Also, as you can notice, _transform function (necessary for implementation of a transform stream) doesn't do a lot in our case simply pushing further all the messages it receives, but at the same time it could be used to do some preprocessing (and/or error handling). For example, we could cache the messages, analyze the new input and push it only in case of some changes we are tracking.

Uploader

Finally, after all these manipulations we have our data flowing into the Uploader object, which is a writable stream with the object mode enabled, which means it receives JavaScript objects sent by the reader driver modules. Since the implementation of a specific approach to sending the data to remote servers falls beyond the scope of this article, we will just log the incoming messages to the console. The code below goes to./lib/uploader.js:

'use strict';

/**
 * Dependencies
 */
var Writable = require('stream').Writable;
var util = require('util');

module.exports = Uploader;

function Uploader(config) {
  Writable.call(this, {objectMode: true});
}

util.inherits(Uploader, Writable);

Uploader.prototype._write = function(message, enc, next) {
  console.info('Sending: ' + JSON.stringify(message));

  // Sending to the cloud here

  next();
};

Reader Modules

One of the most important subjects we haven't looked into yet is the reader modules. The main reason is the fact that any specific implementation of such a module would rely heavily on the hardware being used. In other words, since there is no standard approach to the way RFID readers connect to gateways, every reader manufacturer (or even devices from the same manufacturer) requires its own reader module to be written. We are planning to examine some examples of such modules in greater depth in our future posts, but for now let's just use the mockout package to simulate messages from a reader module.

Putting It All Together

There is a couple of last things we need to do before we will be able to start our gateway. First, we need an example config file.
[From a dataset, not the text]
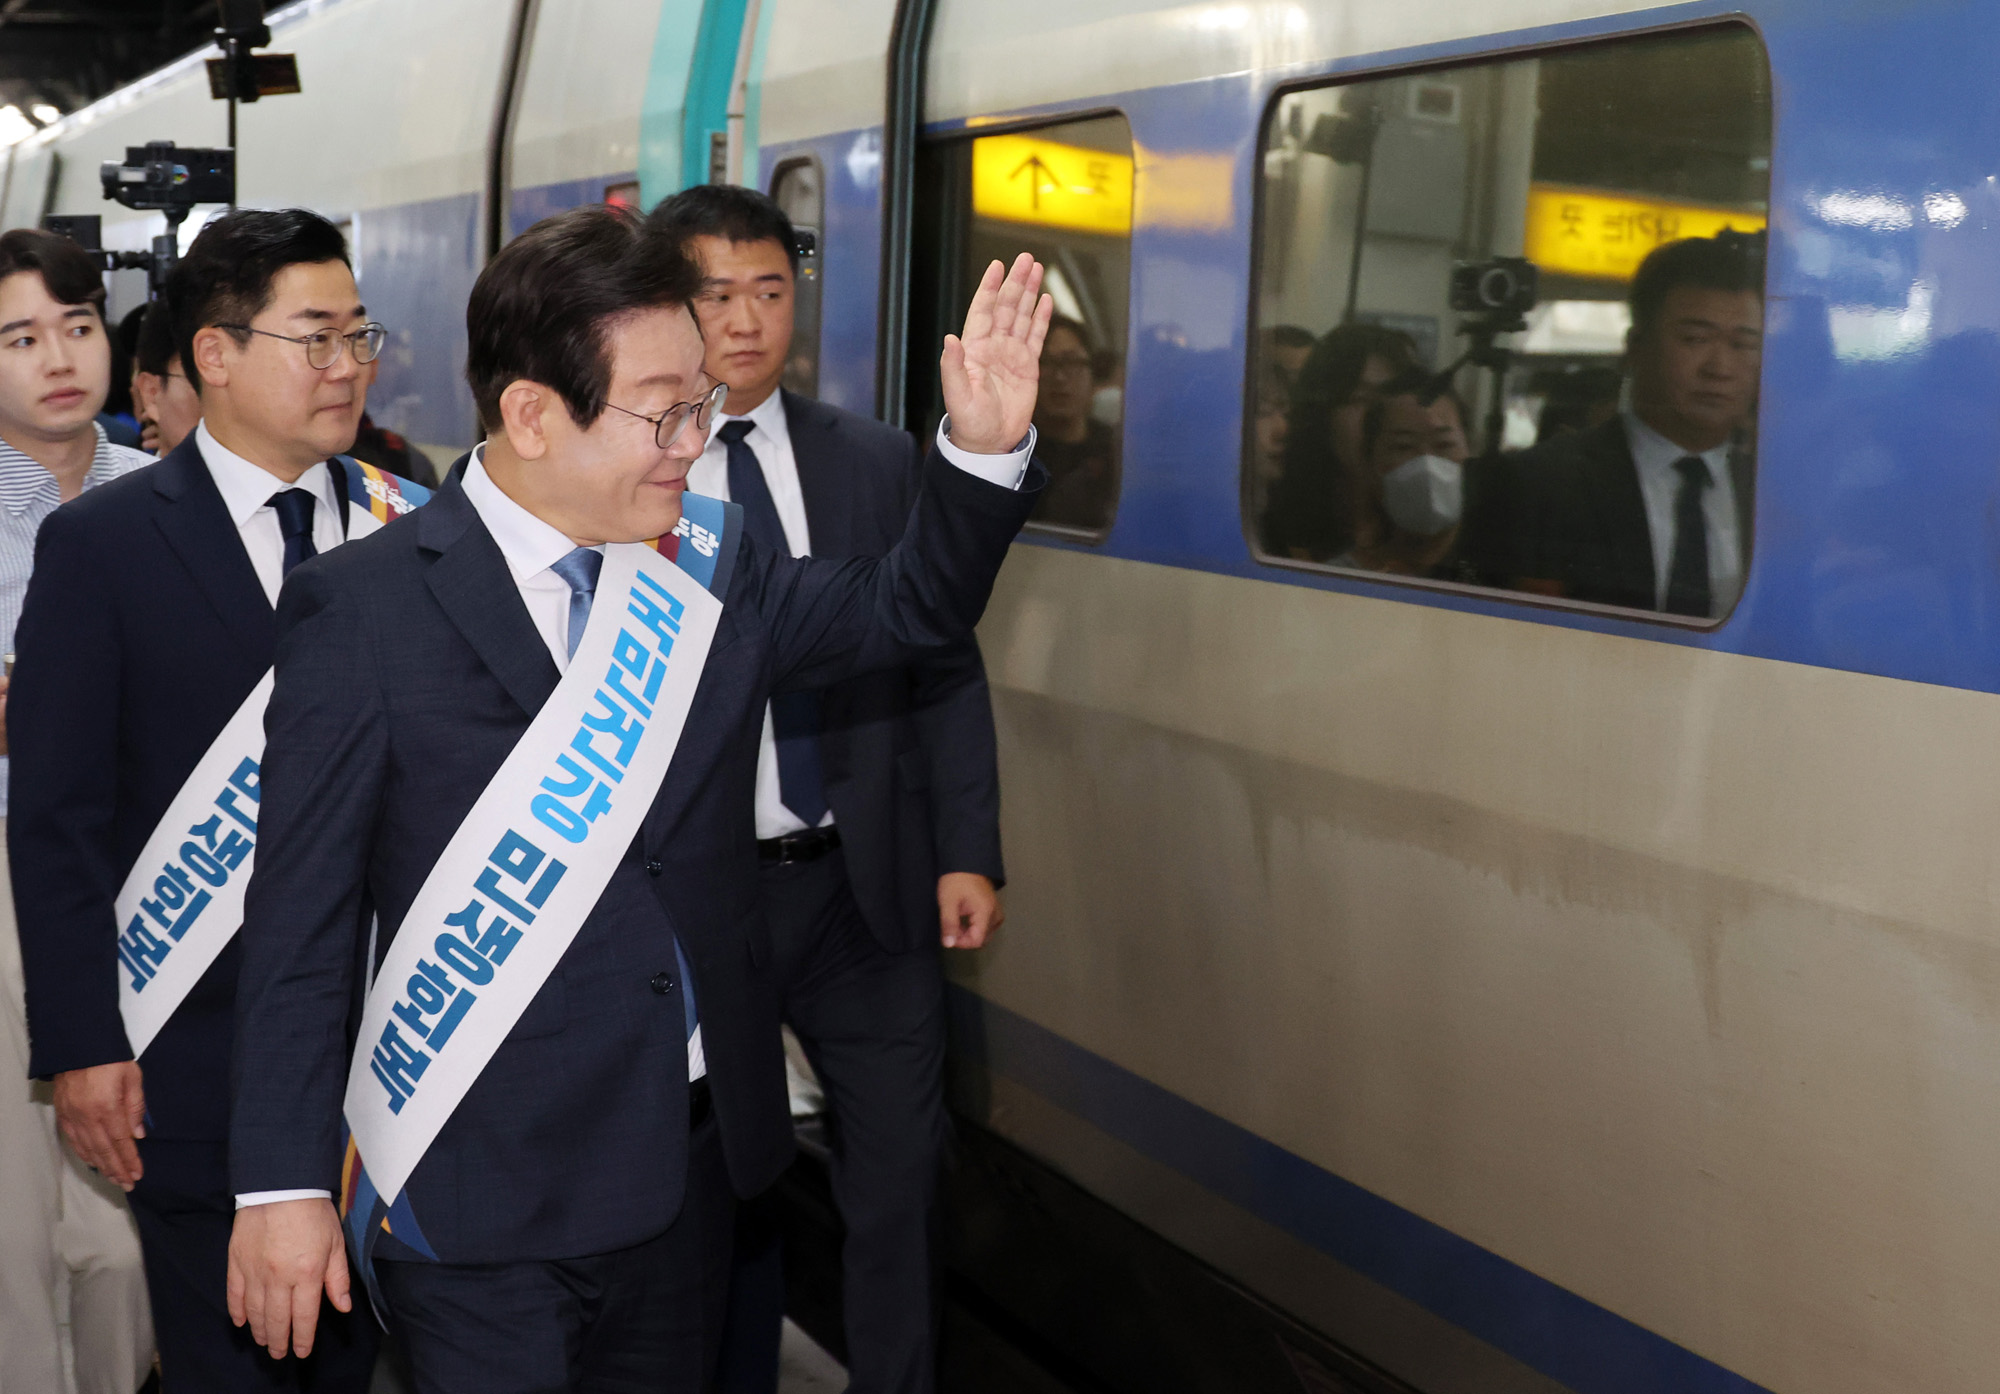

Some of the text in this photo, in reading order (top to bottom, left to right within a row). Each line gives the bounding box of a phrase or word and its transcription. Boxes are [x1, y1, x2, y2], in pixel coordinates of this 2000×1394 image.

This will go to ./config.json:

{
  "listener": {
    "devices": [
      {
        "path": "/some/path1",
        "module": "./node_modules/mockout"
      },
      {
        "path": "/some/path2",
        "module": "./node_modules/mockout"
      },
      {
        "path": "/some/path3",
        "module": "./node_modules/mockout"
      }
    ]
  },
  "uploader": {
  }
}

Also, let's put default configuration values in ./config/defaults.json:

{
  "listener": {
    "devices": []
  },
  "uploader": {}
}

Finally, we have to install the packages used in the implementation of our RFID gateway:

npm install --save async@0.9.0 lodash@2.4.1 mockout@0.0.2 split2@0.1.2

This will also add listed packages to the dependencies section of our ./package.json file. And that is it. If we run node index.js now, we will see some output similar to the following:

Sending: {"sortOf":"anObject","initializedWith":{"event":"connect","config":{"path":"tmr:///dev/ttyACM2","module":"./node_modules/mockout"}}}
Sending: {"sortOf":"anObject","initializedWith":{"event":"connect","config":{"path":"tmr:///dev/ttyACM1","module":"./node_modules/mockout"}}}
Sending: {"sortOf":"anObject","initializedWith":{"event":"connect","config":{"path":"tmr:///dev/ttyACM3","module":"./node_modules/mockout"}}}
Sending: {"sortOf":"anObject","initializedWith":{"event":"connect","config":{"path":"tmr:///dev/ttyACM2","module":"./node_modules/mockout"}}}
Sending: {"sortOf":"anObject","initializedWith":{"event":"connect","config":{"path":"tmr:///dev/ttyACM1","module":"./node_modules/mockout"}}}
Sending: {"sortOf":"anObject","initializedWith":{"event":"connect","config":{"path":"tmr:///dev/ttyACM3","module":"./node_modules/mockout"}}}
...

This means that we have three child processes piping the data from RFID readers through our Listener to the Uploader, which is ready to send it wherever we want.

Next Steps

So, does this implementation cover completely the software for peripheral nodes of our RFID system? Or course, no. It provides a robust way to organize the flow of data from the hardware to the point when it's ready to be sent to remote servers (which is pretty powerful result for only about two hundred lines of code), but specific implementation of reader modules (for different RFID manufacturers) and uploading procedures (which, for example, can use special protocols like MQTT or CoAP) worth a closer look and can be a topic of our further articles.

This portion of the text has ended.